*** EXERCISE MATERIALS

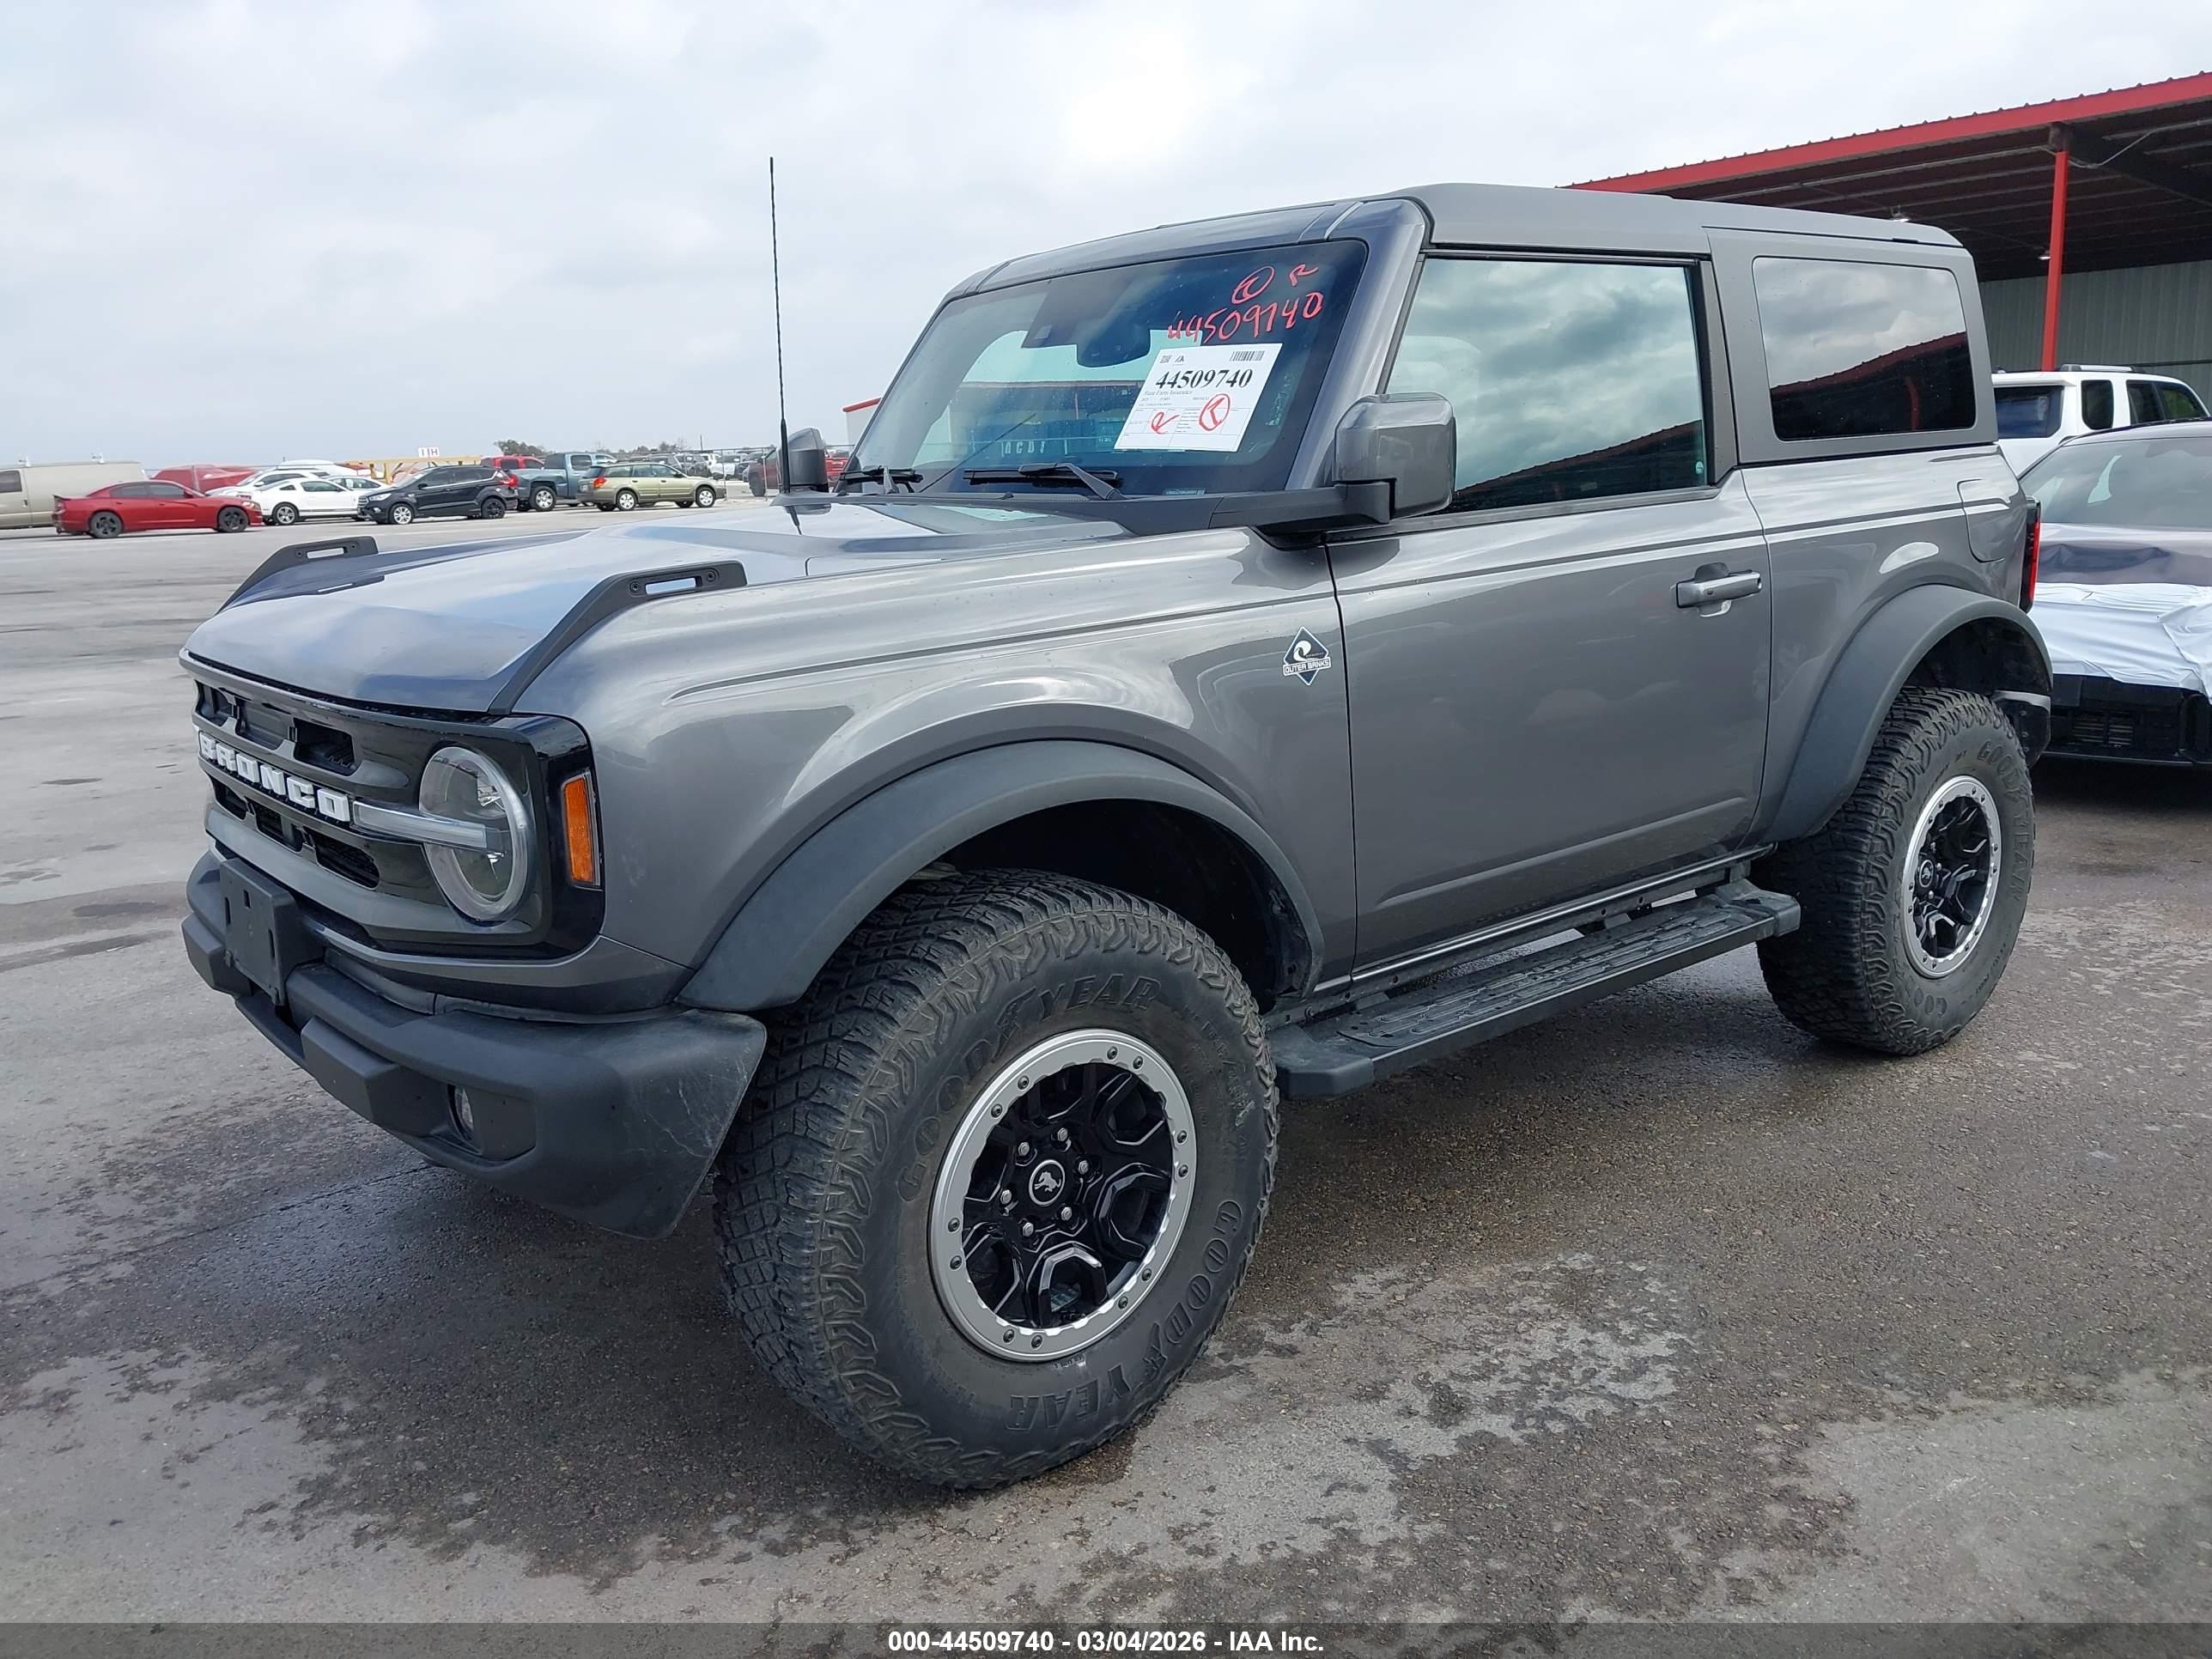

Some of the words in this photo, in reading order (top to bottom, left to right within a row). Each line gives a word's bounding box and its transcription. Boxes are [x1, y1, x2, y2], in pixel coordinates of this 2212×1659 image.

[1156, 368, 1254, 389] 44509740
[1285, 664, 1306, 673] OUTER
[1308, 659, 1328, 669] BANKS
[199, 732, 350, 823] BRONCO

******

From the first line to the last, output the data exactly, without the pictures.

Some of the words in this photo, in reading order (top to bottom, left to right within a row). Each line gives a word's bounding box and its transcription. Boxes are [x1, y1, x2, y2], in pixel coordinates of this 2212×1659 image.

[1156, 368, 1254, 389] 44509740
[1285, 664, 1306, 673] OUTER
[1308, 659, 1328, 669] BANKS
[199, 732, 350, 823] BRONCO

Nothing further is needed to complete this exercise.